AIM OF THE EXERCISE: All of the entries need to be set down exactly as they read.

DATA SHOWN:
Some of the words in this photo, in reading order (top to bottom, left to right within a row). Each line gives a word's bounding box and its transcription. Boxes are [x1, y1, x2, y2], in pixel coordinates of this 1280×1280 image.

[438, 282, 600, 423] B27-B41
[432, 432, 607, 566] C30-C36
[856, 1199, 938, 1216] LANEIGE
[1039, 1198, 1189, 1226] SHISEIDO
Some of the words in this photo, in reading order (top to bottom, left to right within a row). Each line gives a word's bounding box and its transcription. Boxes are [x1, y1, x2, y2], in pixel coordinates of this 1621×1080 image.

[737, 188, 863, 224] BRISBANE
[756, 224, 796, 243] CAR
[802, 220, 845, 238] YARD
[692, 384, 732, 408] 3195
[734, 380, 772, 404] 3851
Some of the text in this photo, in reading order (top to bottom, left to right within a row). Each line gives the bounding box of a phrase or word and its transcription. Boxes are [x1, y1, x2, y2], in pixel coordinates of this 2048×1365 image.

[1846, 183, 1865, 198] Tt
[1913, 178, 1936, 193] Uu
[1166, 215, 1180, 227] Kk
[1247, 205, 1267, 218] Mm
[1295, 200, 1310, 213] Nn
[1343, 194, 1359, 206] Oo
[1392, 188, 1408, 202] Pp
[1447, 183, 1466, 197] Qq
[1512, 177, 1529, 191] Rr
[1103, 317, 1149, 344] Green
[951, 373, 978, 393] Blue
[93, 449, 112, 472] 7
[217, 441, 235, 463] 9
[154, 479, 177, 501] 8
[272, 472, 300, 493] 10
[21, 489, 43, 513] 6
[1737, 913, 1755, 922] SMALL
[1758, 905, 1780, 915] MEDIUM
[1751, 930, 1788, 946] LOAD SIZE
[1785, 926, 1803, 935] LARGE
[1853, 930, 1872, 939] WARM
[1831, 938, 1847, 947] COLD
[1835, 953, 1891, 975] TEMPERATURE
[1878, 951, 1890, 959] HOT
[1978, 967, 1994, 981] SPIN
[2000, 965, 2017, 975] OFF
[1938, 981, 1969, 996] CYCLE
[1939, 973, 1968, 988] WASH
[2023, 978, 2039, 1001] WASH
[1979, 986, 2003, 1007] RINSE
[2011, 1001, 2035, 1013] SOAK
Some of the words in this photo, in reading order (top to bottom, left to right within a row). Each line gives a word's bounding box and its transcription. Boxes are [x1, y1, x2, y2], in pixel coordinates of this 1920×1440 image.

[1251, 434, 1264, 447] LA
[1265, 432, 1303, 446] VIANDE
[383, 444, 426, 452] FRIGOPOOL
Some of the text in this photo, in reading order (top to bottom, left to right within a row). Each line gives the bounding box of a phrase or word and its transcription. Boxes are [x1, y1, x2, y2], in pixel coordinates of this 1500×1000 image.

RESPONSE FOR THIS EXERCISE:
Some of the words in this photo, in reading order (top to bottom, left to right within a row). Each line gives a word's bounding box and its transcription. Boxes are [x1, y1, x2, y2], in pixel coordinates of this 1280×1280 image.

[438, 282, 600, 423] B27-B41
[432, 432, 607, 566] C30-C36
[856, 1199, 938, 1216] LANEIGE
[1039, 1198, 1189, 1226] SHISEIDO
Some of the words in this photo, in reading order (top to bottom, left to right within a row). Each line gives a word's bounding box and its transcription. Boxes are [x1, y1, x2, y2], in pixel coordinates of this 1621×1080 image.

[737, 188, 863, 224] BRISBANE
[756, 224, 796, 243] CAR
[802, 220, 845, 238] YARD
[692, 384, 732, 408] 3195
[734, 380, 772, 404] 3851
Some of the text in this photo, in reading order (top to bottom, left to right within a row). Each line gives the bounding box of a phrase or word and its transcription. Boxes are [x1, y1, x2, y2], in pixel coordinates of this 2048×1365 image.

[1846, 183, 1865, 198] Tt
[1913, 178, 1936, 193] Uu
[1166, 215, 1180, 227] Kk
[1247, 205, 1267, 218] Mm
[1295, 200, 1310, 213] Nn
[1343, 194, 1359, 206] Oo
[1392, 188, 1408, 202] Pp
[1447, 183, 1466, 197] Qq
[1512, 177, 1529, 191] Rr
[1103, 317, 1149, 344] Green
[951, 373, 978, 393] Blue
[93, 449, 112, 472] 7
[217, 441, 235, 463] 9
[154, 479, 177, 501] 8
[272, 472, 300, 493] 10
[21, 489, 43, 513] 6
[1737, 913, 1755, 922] SMALL
[1758, 905, 1780, 915] MEDIUM
[1751, 930, 1788, 946] LOAD SIZE
[1785, 926, 1803, 935] LARGE
[1853, 930, 1872, 939] WARM
[1831, 938, 1847, 947] COLD
[1835, 953, 1891, 975] TEMPERATURE
[1878, 951, 1890, 959] HOT
[1978, 967, 1994, 981] SPIN
[2000, 965, 2017, 975] OFF
[1938, 981, 1969, 996] CYCLE
[1939, 973, 1968, 988] WASH
[2023, 978, 2039, 1001] WASH
[1979, 986, 2003, 1007] RINSE
[2011, 1001, 2035, 1013] SOAK
Some of the words in this photo, in reading order (top to bottom, left to right within a row). Each line gives a word's bounding box and its transcription. Boxes are [x1, y1, x2, y2], in pixel coordinates of this 1920×1440 image.

[1251, 434, 1264, 447] LA
[1265, 432, 1303, 446] VIANDE
[383, 444, 426, 452] FRIGOPOOL
Some of the text in this photo, in reading order (top to bottom, left to right within a row). Each line gives the bounding box of a phrase or word and its transcription. Boxes are [x1, y1, x2, y2], in pixel coordinates of this 1500×1000 image.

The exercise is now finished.